Chios was well known as a major exporter of highly prized wines - Julius
Caesar served them at his triumphal banquets - so the discovery of olive oil
containing oregano, which was used as a flavouring and preservative, surprised
the archaeologists.
The other amphora is thought to have contained wine because fragments of
DNA may have come from mastic, a plant that grows on Chios and was famous for
its use in resinating and preserving the drink (the team cannot be certain, as
the same DNA sequences are found pistachio nuts).
Although these particular findings are limited, the work demonstrates
that this technique works - and could be used to identify a vast range of other
plant products from shipwrecks around the world.
"We can see what crops were grown where and when," says Brendan Foley of
MIT and Woods Hole, "giving us an entirely new look at the ancient economy."

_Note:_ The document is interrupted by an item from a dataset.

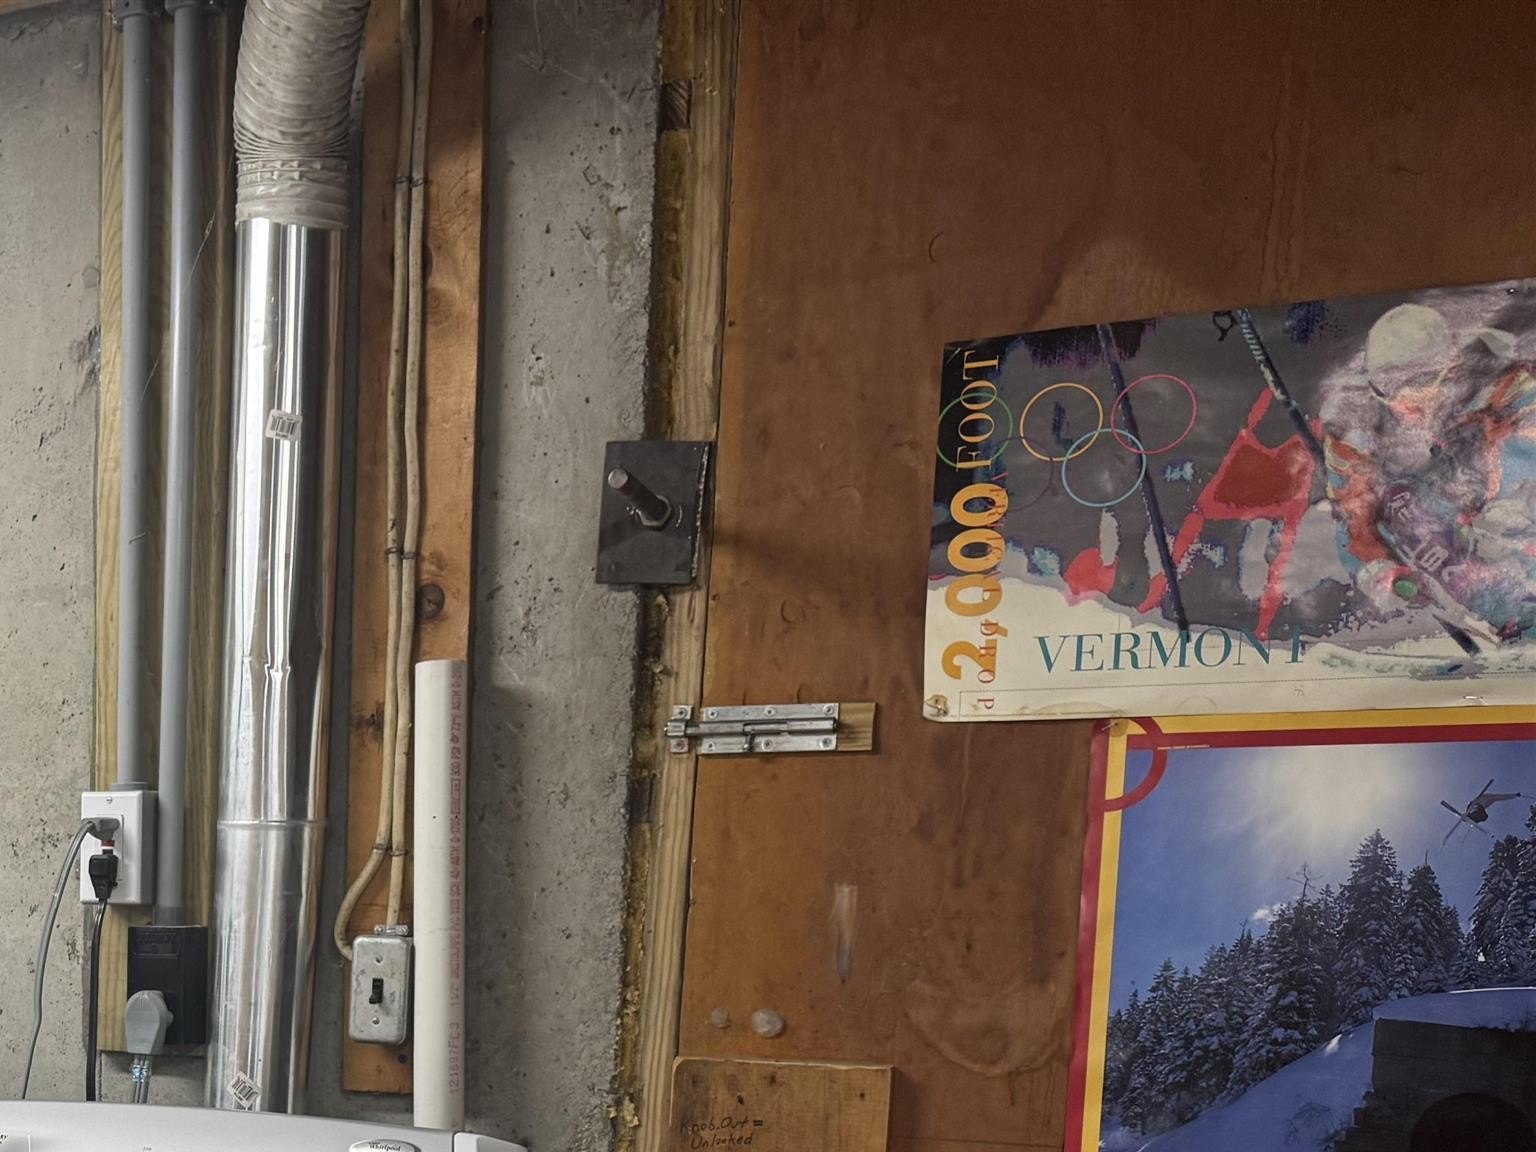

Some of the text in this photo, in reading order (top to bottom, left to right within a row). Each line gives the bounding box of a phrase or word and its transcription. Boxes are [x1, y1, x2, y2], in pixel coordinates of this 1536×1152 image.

It is still to be determined whether the technique will work on amphoras
that have been stored in museums, or only on those brought up fresh from the
ocean.
But there are already plans to use the method to investigate other
ancient civilisations. The team is working on artefacts from the Minoan and
Mycenaean cultures of the Bronze Age (BC2500-BC1200), as well as Mayan ceramics
ritually deposited in sinkholes in Mexico, and has approached experts on Roman
amphoras in Britain.
"It will be useful with any coarse ceramic artefacts, jars or ceramic
containers that were not glazed," says co-author Maria Hansson "Transport
amphoras throughout time were coarse ware, so are perfect for our study."